RESULTADOS: O uropatógeno mais frequente foi E. coli (65,97%). Foi encontrada diferença significativa (p < 0,05) na prevalência de E. coli de acordo com a faixa etária. Ampicilina e nitrofurantoína apresentaram, respectivamente, menor e maior poder inibitório contra enterobactérias. Porém, 88,4% de Proteus mirabilis apresentaram resistência à nitrofurantoína, além de apresentar padrão de resistência mais amplo. As taxas de resistência à ceftriaxona sugerem produção de extended-spectrum beta-lactamases (ESBL).

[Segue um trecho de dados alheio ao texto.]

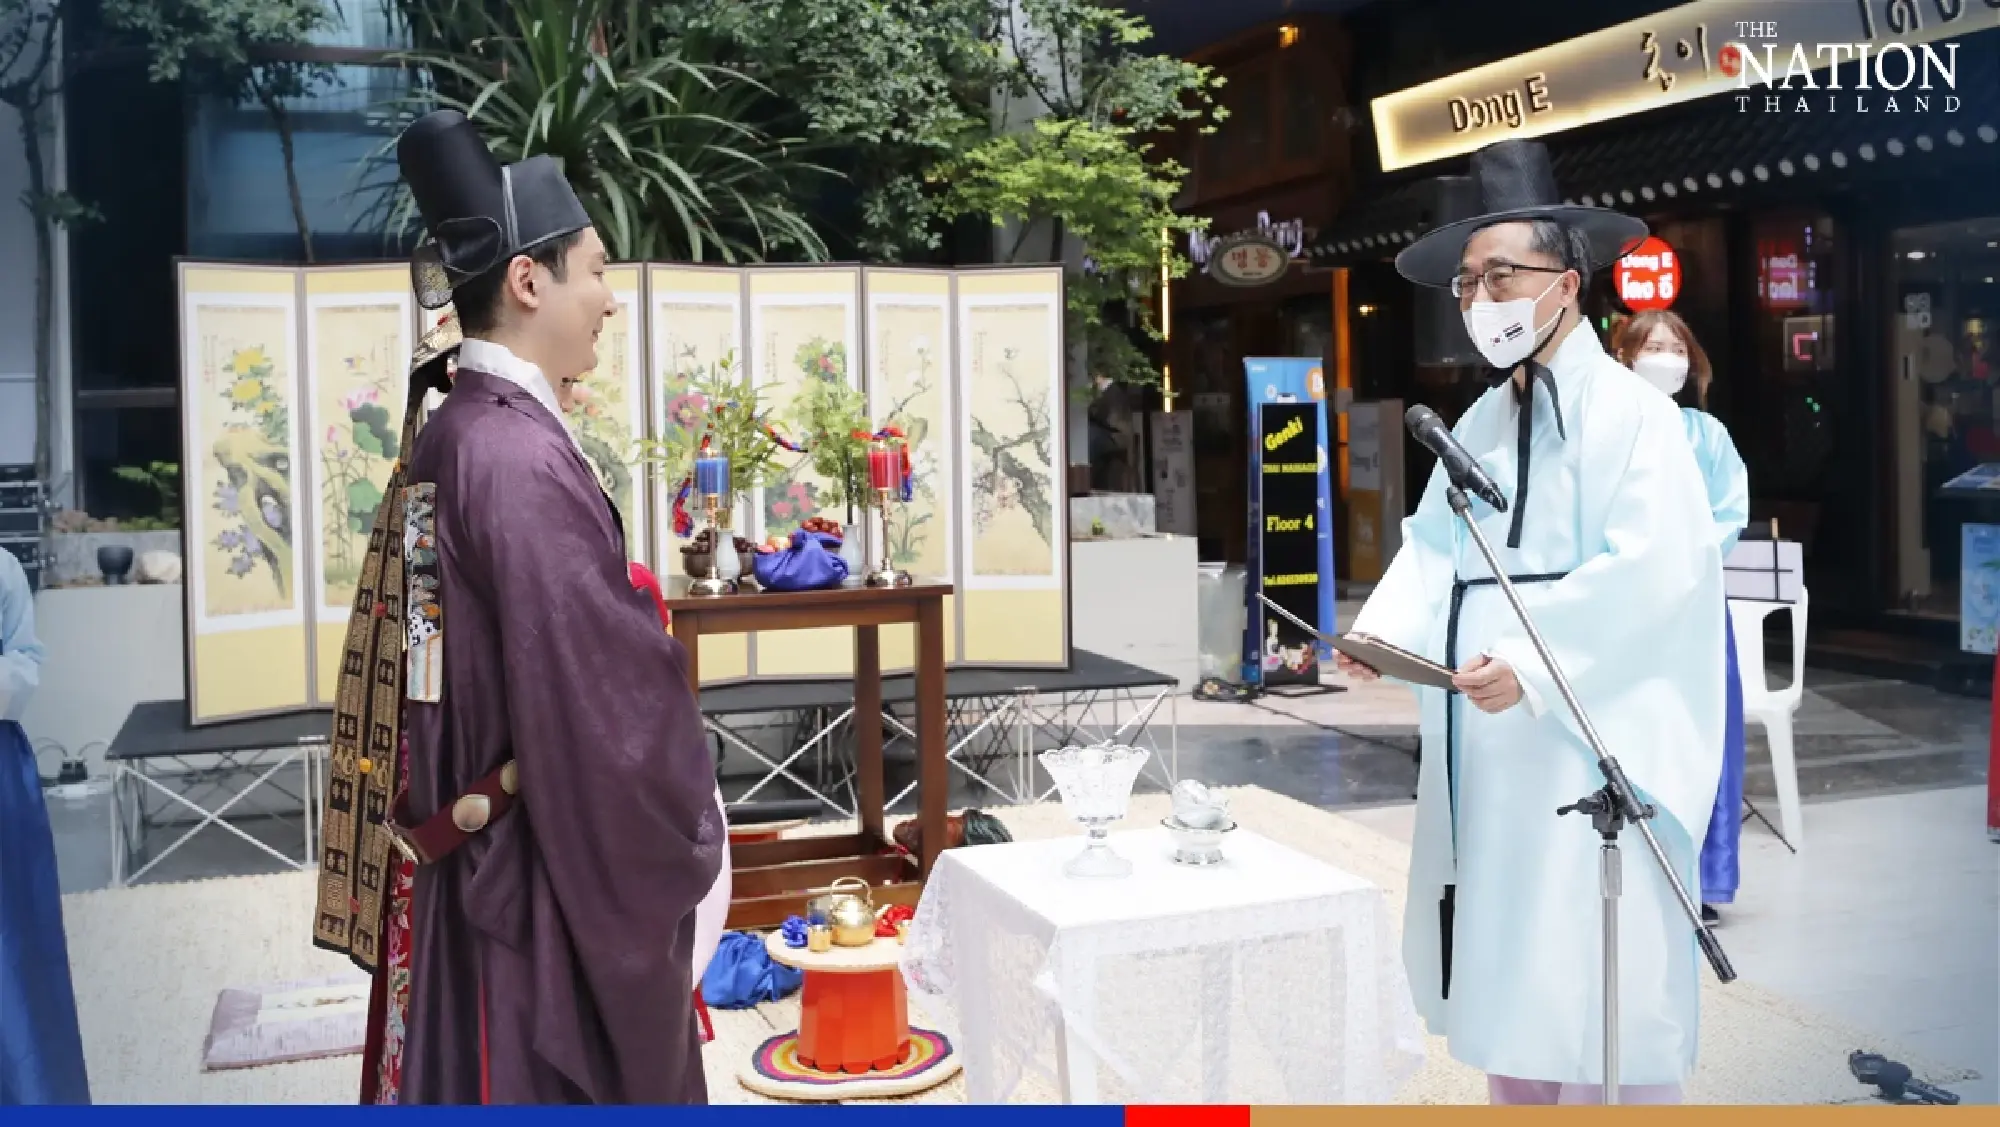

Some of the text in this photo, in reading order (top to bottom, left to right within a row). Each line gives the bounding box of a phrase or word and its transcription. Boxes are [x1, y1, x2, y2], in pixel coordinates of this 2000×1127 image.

DISCUSSÃO: Nossos dados são semelhantes aos encontrados em outros estudos. É importante que esses dados sejam conhecidos pela comunidade médica local, bem como dados de estudos futuros que possam detectar mudanças na etiologia ou no padrão de resistência em nossa região. Esse monitoramento constitui importante ferramenta para atualização da terapêutica empírica.

CONCLUSÃO: Os dados aqui relatados demonstram que a etiologia das infecções urinárias é semelhante à encontrada em outras partes do mundo. Porém, o padrão de resistência desses uropatógenos pode possuir características diferenciadas de acordo com o histórico de consumo de antimicrobianos em cada comunidade. Assim, é importante que dados epidemiológicos sejam periodicamente divulgados com a intenção de auxiliar a comunidade médica.

Uniternos: Infeção do trato urinário; Uroculturas; Resistência aos antimicrobianos

ABSTRACT

INTRODUCTION AND OBJECTIVE: Urinary tract infection (UTI) is frequently diagnosed in medical practice and the isolation of resistant strains in non-hospitalized patients is increasingly common. Our objective was to evaluate the frequency and resistance of uropathogens in the city of Presidente Prudente, Brazil, between January 2006 and December 2007.

MATERIAL AND METHODS: We carried out a retrospective investigation into the etiology and resistance patterns of uropathogens.

RESULTS: The most frequent uropathogen was E. coli (65.97%). There was a significant difference (p < 0.05) in the prevalence of E. coli according to the age group. Ampicillin and nitrofurantoin showed, respectively, smaller and larger inhibitory power against enterobacteria. However, 88.4% of Proteus mirabilis showed resistance to nitrofurantoin as well as wider resistance pattern. Resistance rates to ceftriaxone suggest production of ESBL.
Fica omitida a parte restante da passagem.